Mit öffentlichen Verkehrsmitteln: Zug oder Bus bis Netanya Hauptbahnhof, dann Buslinie 42 (Netanya–Mikhmoret) zur Küste. An der nächsten Haltestelle (ca. 1 km vom Pfadeingang entfernt) aussteigen und westwärts gehen. Alternativ ein Taxi von Netanya (ca. ₪30–50). Aktuelle Busfahrpläne auf bus.gov.il prüfen.
Mit dem Fahrrad: Ein Radweg verbindet Netanya mit dem Hof-Bet-Yanai-Bereich. Wer in Netanya übernachtet, kann die Reserve per Rad erreichen und spart die Parkgebühr.
Wann besuchen?
| Jahreszeit | Hinweise |
|---|
| Frühling (März–Mai) | Ideal: Wildblumen, klares Wasser, milde Temps, aktive Schildkröten |
| Sommer (Juni–Sept) | Strand am schönsten; Wochenends vor 8 Uhr anreisen |
| Herbst (Okt–Nov) | Ruhig, angenehme Temperaturen; Schildkröten noch aktiv |
| Winter (Dez–Feb) | Reserve offen, Pfad nach Regen schlammig; weniger Besucher |
Früh anreisen — besonders an Sommer-Freitagen und Samstagen. Der Parkplatz kann bis 9–10 Uhr ausgebucht sein.
Kombinationsmöglichkeiten
Nahal Alexander liegt an der Küstenstraße zwischen Tel Aviv und Haifa — ein natürlicher Stopp bei Besuchen benachbarter Sehenswürdigkeiten:
Nationalpark Caesarea (20 km südlich) — eines der beeindruckendsten römischen Ausgrabungsgelände Israels. Ein Nahal-Alexander-Morgen (Ankunft 7 Uhr, Abfahrt 11 Uhr) lässt sich gut mit einem Caesarea-Nachmittag kombinieren. Beide Standorte sind mit dem INPA-Pass abgedeckt.
Netanya (15 km nördlich) — angenehme Mittelmeerstadt mit breiten Sandstränden, Klippen-Promenade und guten Restaurantoptionen nach dem Reservebesuch.

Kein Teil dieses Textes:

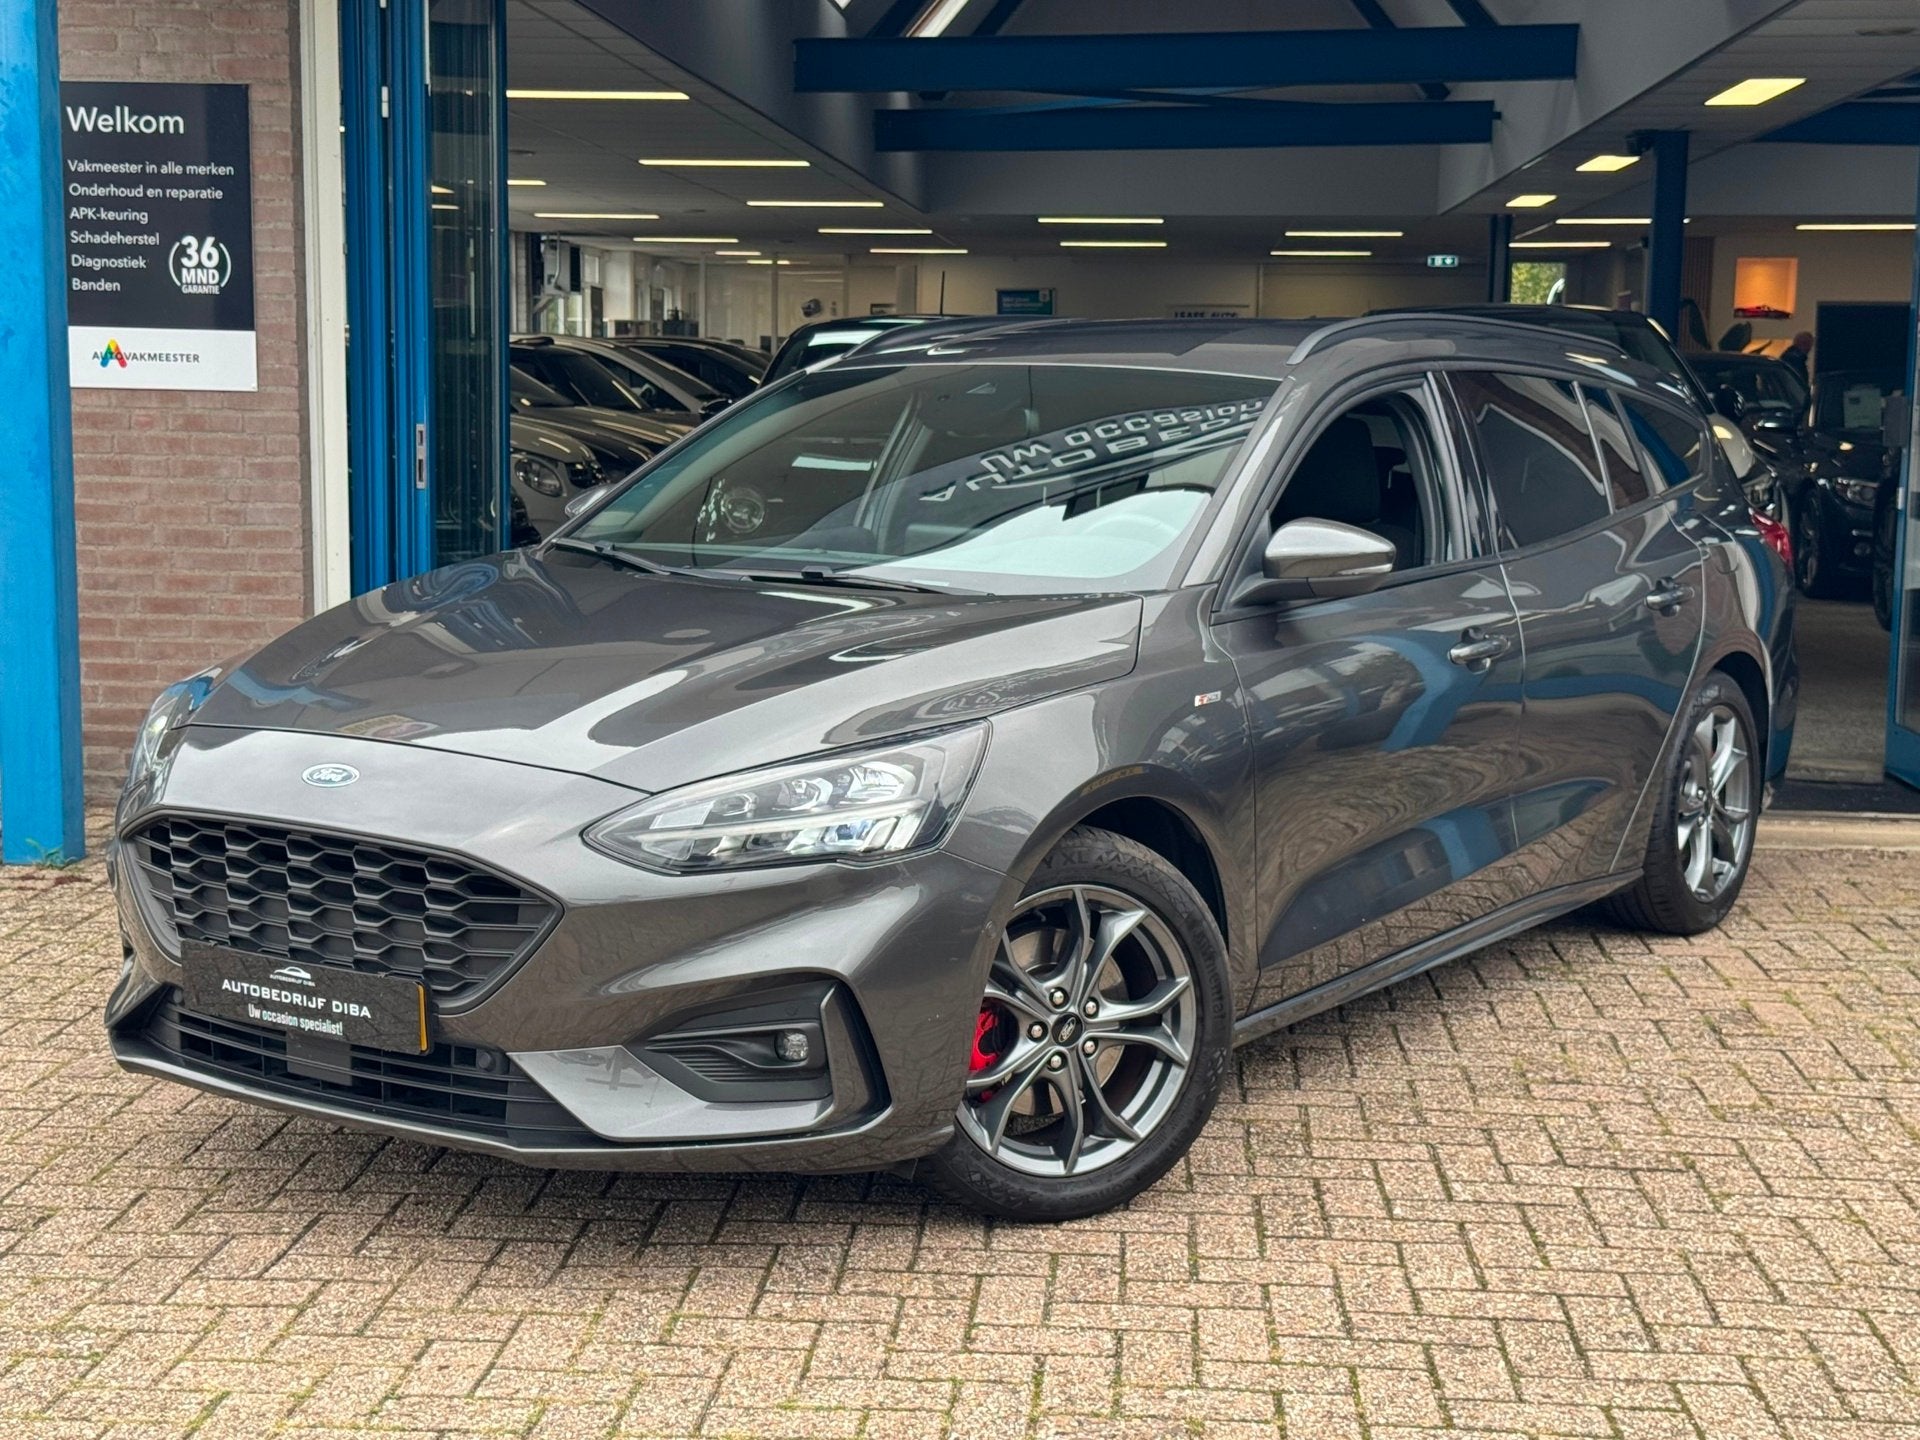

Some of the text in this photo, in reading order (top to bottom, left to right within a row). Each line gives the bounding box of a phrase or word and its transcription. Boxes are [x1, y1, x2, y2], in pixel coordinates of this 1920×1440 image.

Vogelbeobachtung in Israel: Fluss und Schilfrohrbetten sind eine der besten Vogelbeobachtungskorridore der Mittelküste — Eisvögel, Graureiher, Teichhühner und Zugvögel.

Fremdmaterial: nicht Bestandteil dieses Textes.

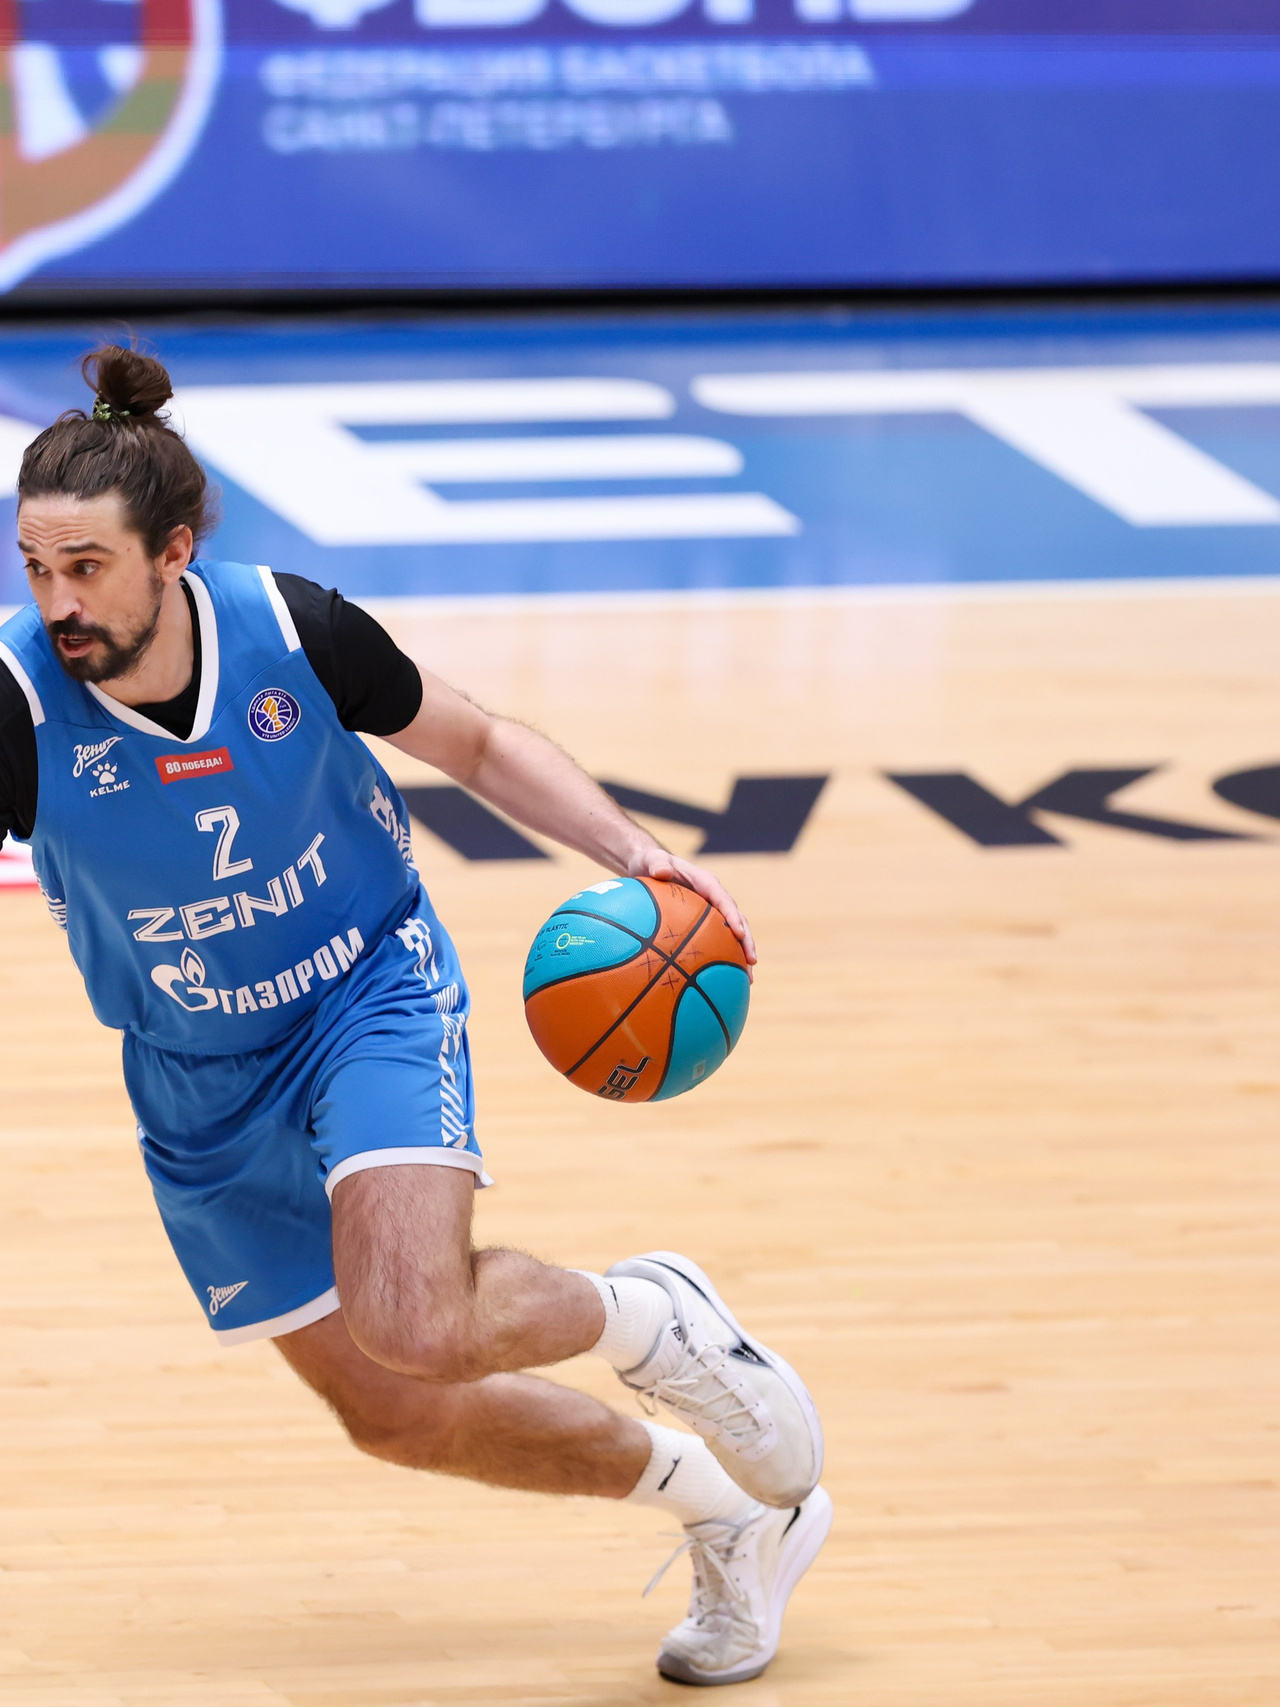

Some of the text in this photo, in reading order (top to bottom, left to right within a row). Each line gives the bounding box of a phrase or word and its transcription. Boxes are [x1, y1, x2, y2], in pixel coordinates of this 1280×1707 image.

[89, 779, 131, 798] KELME
[165, 756, 223, 775] 80 ПОБЕДА!
[194, 804, 254, 882] 2
[126, 831, 328, 943] ZENIT
[218, 926, 366, 1015] ГАЗПРОМ
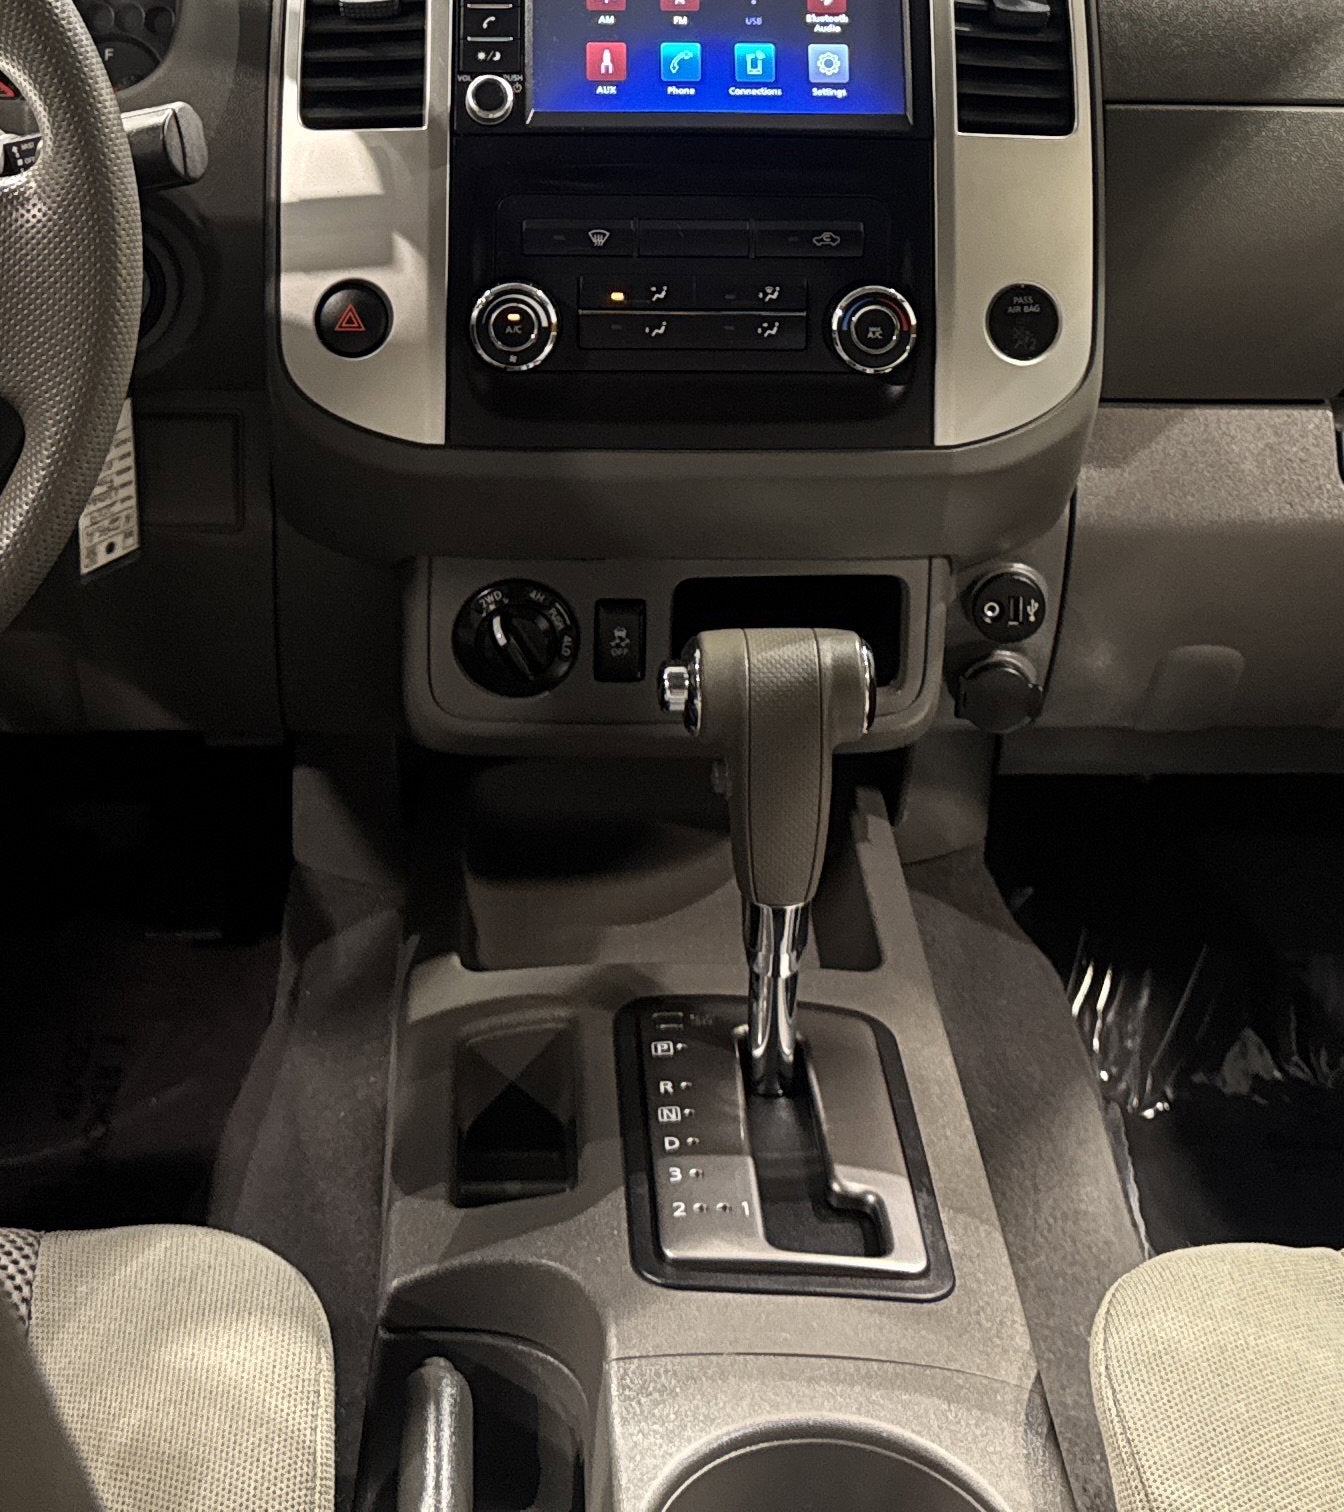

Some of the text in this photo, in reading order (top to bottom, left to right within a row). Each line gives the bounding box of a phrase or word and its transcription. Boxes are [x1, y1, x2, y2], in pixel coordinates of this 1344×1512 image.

[597, 15, 616, 25] AM
[672, 15, 689, 25] FM
[745, 17, 763, 26] USB
[813, 24, 842, 33] Audio
[104, 48, 114, 61] F
[596, 86, 618, 95] AUX
[667, 86, 696, 96] Phone
[728, 87, 783, 96] Connections
[812, 88, 848, 99] Settings
[1013, 296, 1034, 304] PASS
[478, 590, 504, 609] 2WD
[659, 1081, 674, 1094] R
[663, 1108, 677, 1121] N
[664, 1136, 680, 1151] D
[668, 1167, 683, 1183] 3
[672, 1201, 750, 1217] 2 1

Tel-Aviv-Tagesausflüge: Nahal Alexander ist eine ideale Halbtagsnatur-Exkursion ab Tel Aviv, allein oder in Kombination mit Caesarea zu einem ganzen Küstentag. Weitere Möglichkeiten unter Tagesausflüge ab Tel Aviv.
Naturschutzkontext
Der Alexander-Fluss war durch landwirtschaftliche Abflüsse und industrielle Verschmutzung im 20. Jahrhundert stark degradiert worden, und die Schildkrötenpopulation ging entsprechend zurück. Seit den 1990er Jahren arbeiten INPA, die Alexander-Fluss-Restaurierungsbehörde und lokale Kommunen zusammen, um das Wasser zu reinigen, die Ufervegetation wiederherzustellen und Schildkrötennester zu überwachen.
Die Nil-Weichschildkröte ist auf der Roten Liste der IUCN als Gefährdet eingestuft. Die Nahal-Alexander-Population ist eine der größten und zugänglichsten in ihrem Verbreitungsgebiet. Für Besuchende ist die Beobachtung dieser Tiere in freier, ungestörter Natur — ohne Gehege, ohne schwere Tourismusinfrastruktur — eine seltene Erfahrung.
Bitte die Reserveregeln respektieren: Auf dem Pfad bleiben, nicht ins Wasser steigen, Schildkröten nicht füttern, keine Pflanzen oder Steine entnehmen, keinen Abfall hinterlassen.